27 Jun 2018

More on Krauthammer

Big Brother 4 Comments

Paul Gottfried gives grudging respect to Charles Krauthammer in The American Conservative. An excerpt:

The contemporary Right bears little if any resemblance to what it was during the 1950s and 1960s, when it resisted the civil rights revolution, opposed communism as a godless enemy that worshipped state power, and favored traditional social relations. Then in the 1980s the neoconservatives came along and imposed their will on a movement into which they and their sponsors invested megabucks. The neocons also moved conservatism towards the Left by identifying it with a global democratic foreign policy, a centralized welfare state (albeit one that was to be “prudently” managed), and a mainstream liberal view of the evolution of American “liberal democracy.” Both support for the Israeli Right and constant warnings about recurrent anti-Semitism became veritable fixations within this transformed conservatism.

This transformation required figures who could present it credibly, and Krauthammer may have been the most indispensable of those who assumed this role. There were others who contributed to this effort, like the political theorist Harry Jaffa and the journalist and fundraiser Irving Kristol. But Krauthammer was clearly superior to them as an exponent of what the appropriate media marketed as “conservatism.” He carried out his task with such pedagogical skill and such obvious conviction that even someone who disagreed with where he took American conservatism had to be impressed. Unlike my friends and followers on the shrinking Old Right, I was not so much upset as awed by Krauthammer’s laying down of conservative party lines as a TV commentator and newspaper columnist. He was so far superior to others attempting to do the same thing that listening to or reading him was like watching an Olympic swimmer after seeing kiddies splash around in a plastic pool.

As I said before, I personally did not think as highly of Krauthammer as even some of his opponents do (e.g. I saw Justin Raimondo on Twitter also say nice things about him), although I certainly defer to Gottfried’s superior knowledge of the American conservative movement. (Also for what it’s worth, I remember that back when I was a fan of Rush Limbaugh etc., that Krauthammer had best crystallized my views on a “principled” approach to foreign policy.)

As a good antidote to the thesis of, “Say what you will, that Krauthammer was a principled, respectable opponent,” yikes! check out this Krauthammer column from 1996 (which someone linked in the comments of Gottfried’s piece):


In an election year you expect Washington to be full of phony arguments. But even a cynic must marvel at the all-round phoniness of the debate over repeal of the assault weapons ban. Both sides are blowing smoke.
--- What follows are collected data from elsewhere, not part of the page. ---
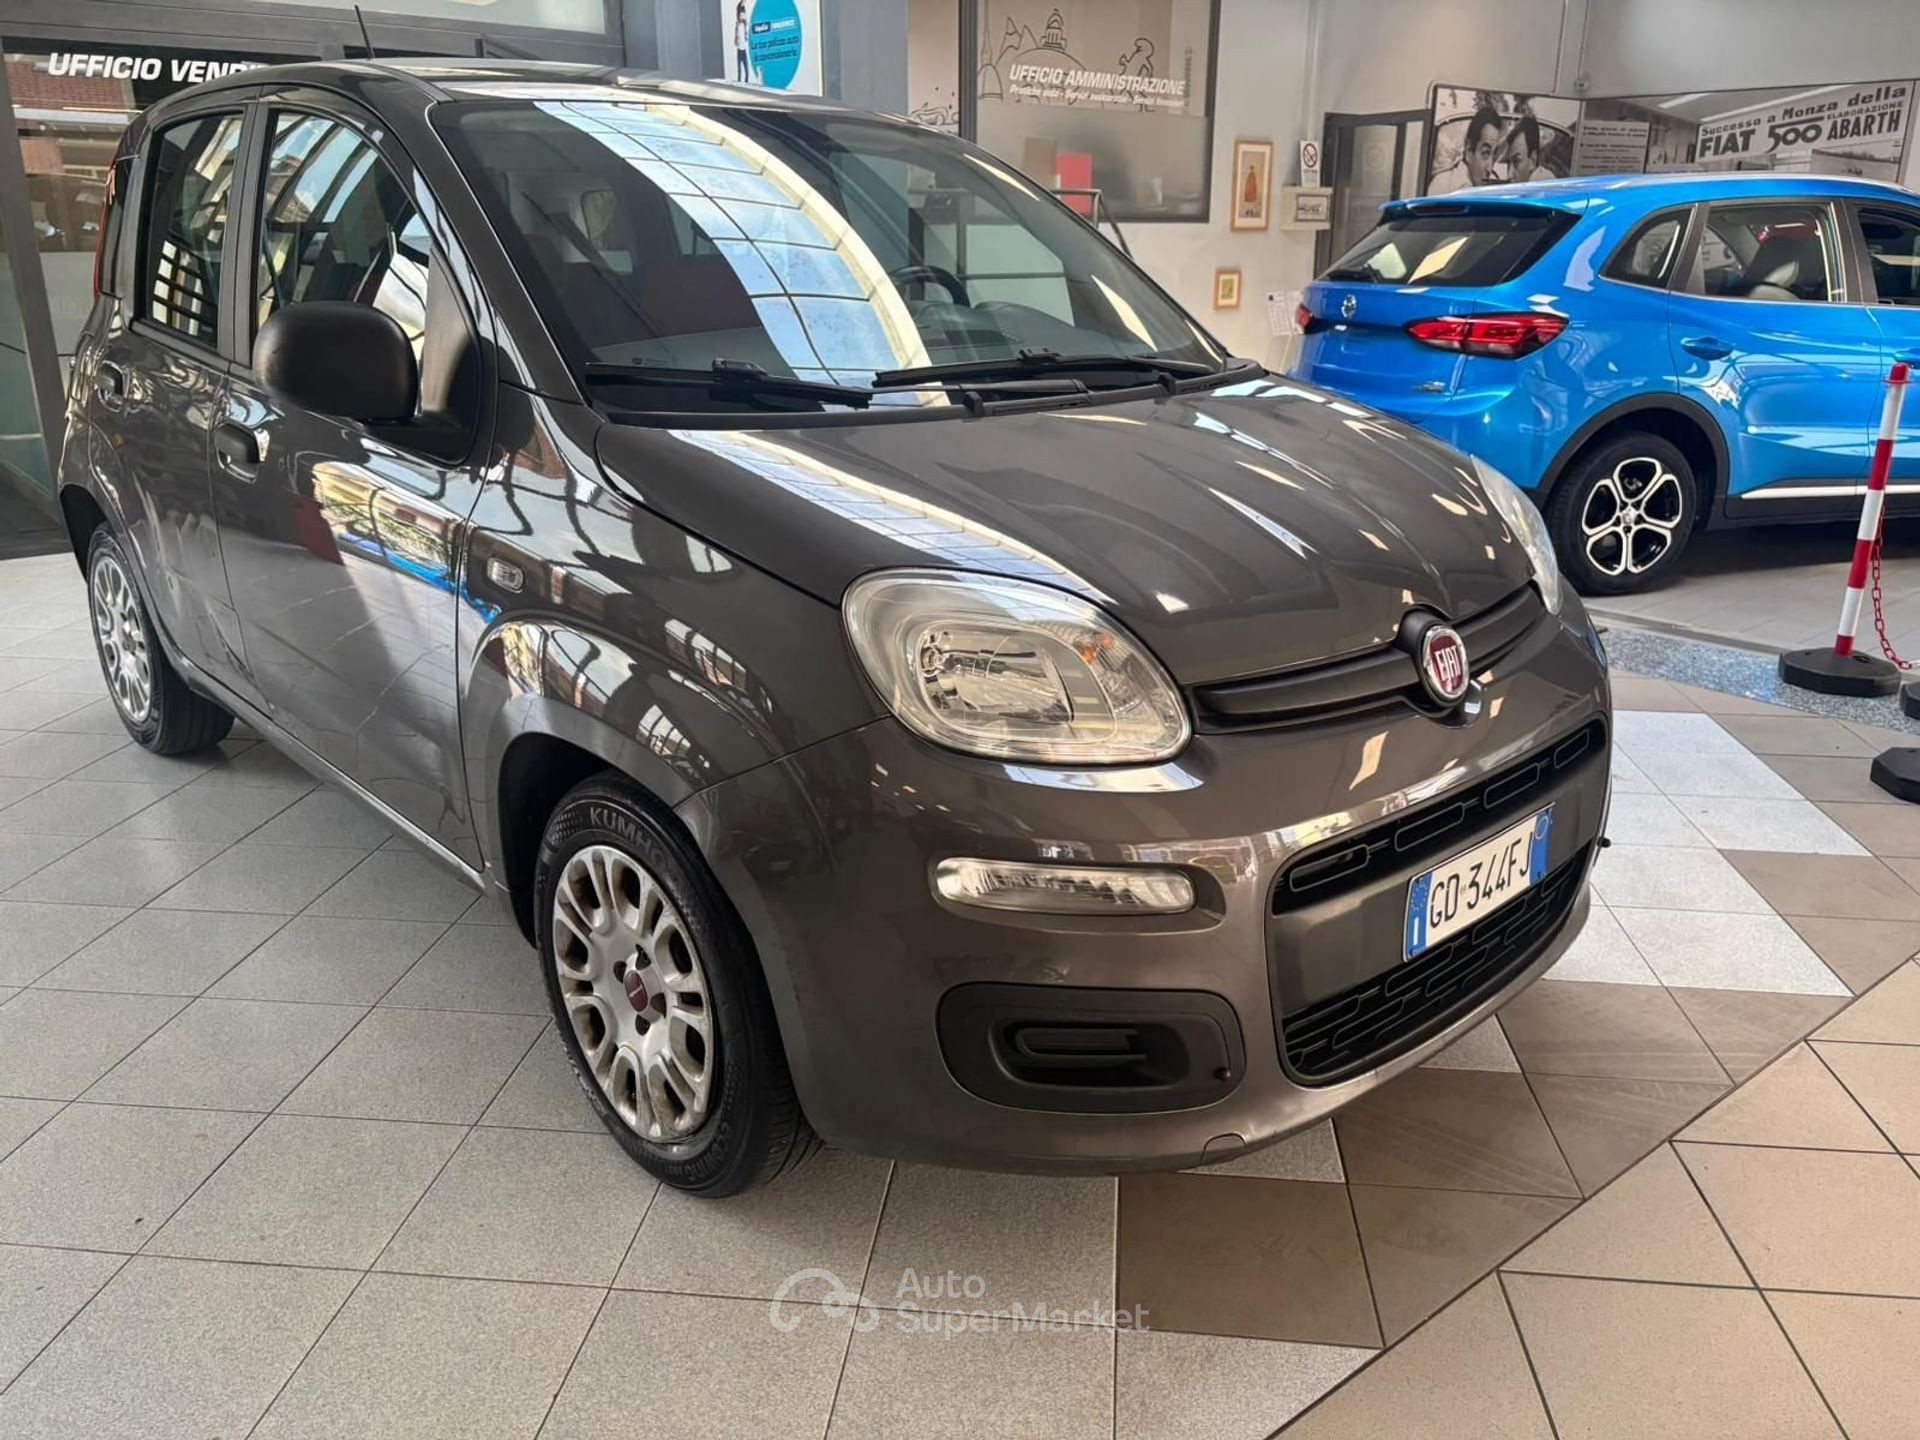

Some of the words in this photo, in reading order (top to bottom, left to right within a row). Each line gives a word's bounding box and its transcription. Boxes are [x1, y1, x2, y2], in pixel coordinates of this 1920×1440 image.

[48, 52, 163, 80] UFFICIO
[170, 59, 269, 83] VEN
[1009, 63, 1063, 84] UFFICIO
[1064, 69, 1186, 95] AMMINISTRAZIONE
[1701, 118, 1762, 137] Successo
[1767, 115, 1776, 123] a
[1782, 101, 1838, 121] Monza
[1847, 85, 1906, 107] della
[1826, 101, 1903, 120] ELABORAZIONE
[1827, 109, 1902, 141] ABARTH
[1699, 128, 1756, 158] FIAT
[1764, 116, 1824, 154] 500
[1434, 645, 1461, 681] FIAT
[589, 805, 667, 871] KUMHO
[1430, 873, 1460, 929] GD
In fact, the assault weapons ban will have no significant effect either on the crime rate or on personal security. Nonetheless, it is a good idea, though for reasons its proponents dare not enunciate. I am not up for reelection. So let me elaborate the real logic of the ban:

It is simply crazy for a country as modern, industrial, advanced and now crowded as the United States to carry on its frontier infatuation with guns. Yes, we are a young country, but the frontier has been closed for 100 years. In 1992, there were 13,220 handgun murders in the United States. Canada (an equally young country, one might note) had 128; Britain, 33.
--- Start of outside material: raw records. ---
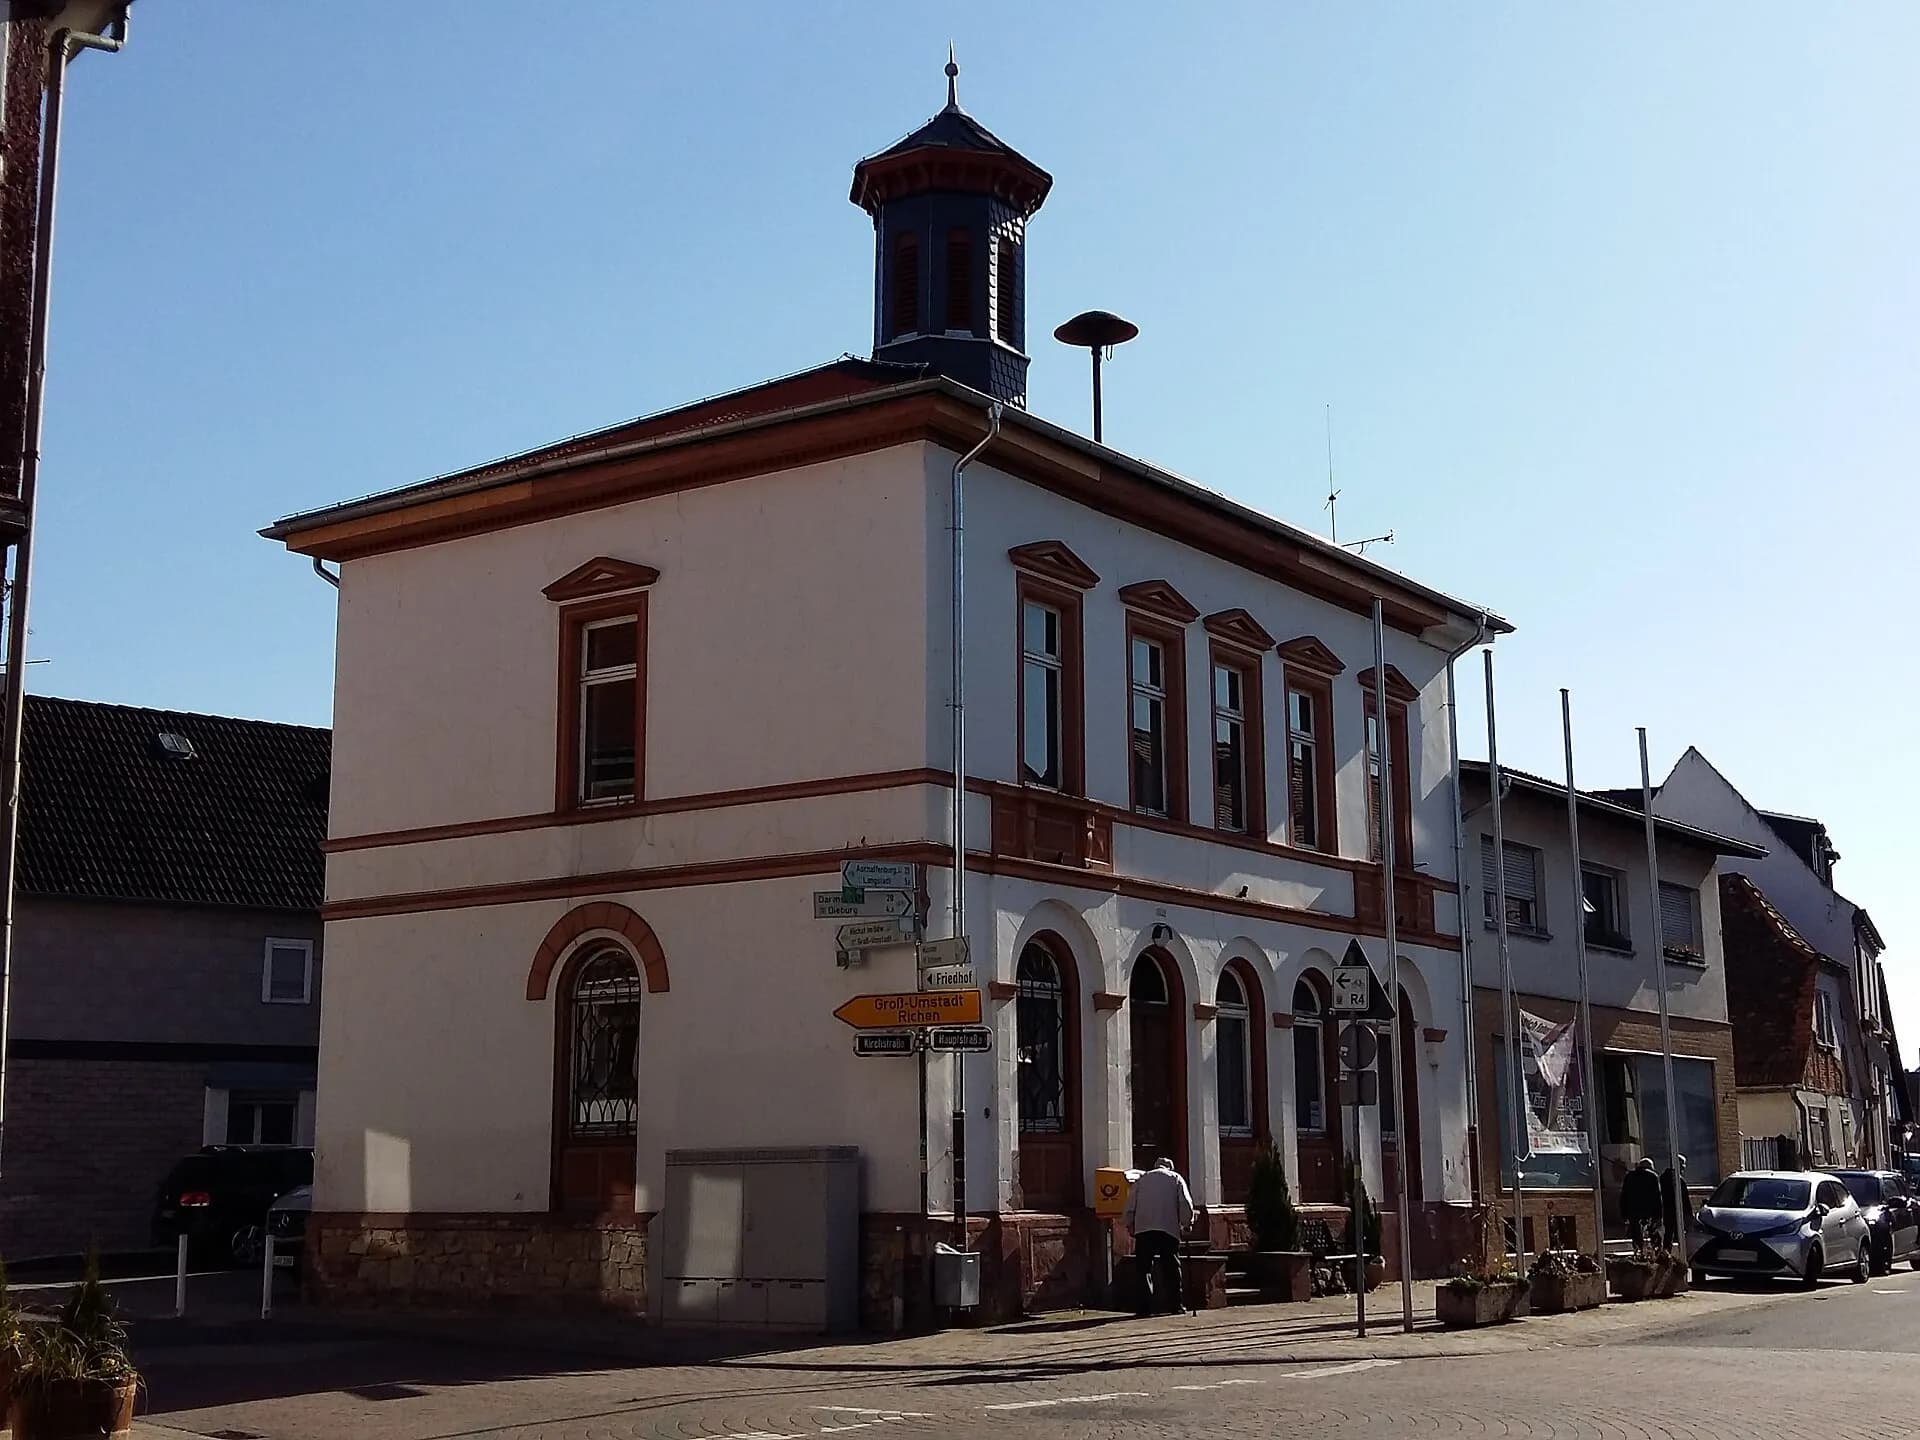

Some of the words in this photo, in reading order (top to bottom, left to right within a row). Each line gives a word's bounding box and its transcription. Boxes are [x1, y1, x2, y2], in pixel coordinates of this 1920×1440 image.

[828, 906, 858, 915] Dieburg
[936, 970, 973, 985] Friedhof
[874, 994, 964, 1010] Groß-Umstadt
[1350, 993, 1365, 1005] R4
[898, 1009, 940, 1023] Richen
[864, 1037, 905, 1049] Kirchstraße
[938, 1033, 982, 1045] Hauptstraße
Ultimately, a civilized society must disarm its citizenry if it is to have a modicum of domestic tranquillity of the kind enjoyed in sister democracies like Canada and Britain. Given the frontier history and individualist ideology of the United States, however, this will not come easily. It certainly cannot be done radically. It will probably take one, maybe two generations. It might be 50 years before the United States gets to where Britain is today.

Passing a law like the assault weapons ban is a symbolic — purely symbolic — move in that direction. Its only real justification is not to reduce crime but to desensitize the public to the regulation of weapons in preparation for their ultimate confiscation. Its purpose is to spark debate, highlight the issue, make the case that the arms race between criminals and citizens is as dangerous as it is pointless.

Yes, Sarah Brady is doing God’s work. Yes, in the end America must follow the way of other democracies and disarm. But there is not the slightest chance that it will occur until liberals join in the other fights to reduce the incidence of and increase the penalties for crime. Only then will there be a public receptive to the idea of real gun control. The passionate resistance to even the phony gun control of the assault weapons ban shows how far we have to go.

4 Responses to “More on Krauthammer”

  1. Craw says:

    I don’t see why that is unprincipled. It is disdainful of the electorate, but I think that was one of his principles.

    • Bob Murphy says:

      Fair enough, but this still seems like an odd person to be a conservative’s conservative, even in the Rush Limbaugh sense of the term.

  2. Mark says:

    Krauthammer was a creep. Speak ill of him all you want. And your title for the post is great. Not sure if it was intentional or not, but when I send emails to my friends re someone or something I find disdainful, I often title the email More on . More on as in moron. Good job.

    • Mark says:

      OK, oops. At the end I said I often title the email More on and then I had the word “subject” in angle brackets which I suppose the browser is interpreting as an html note, so it did not display it. My bad.

      So, I guess more like, “I often title the email More on “subject”.”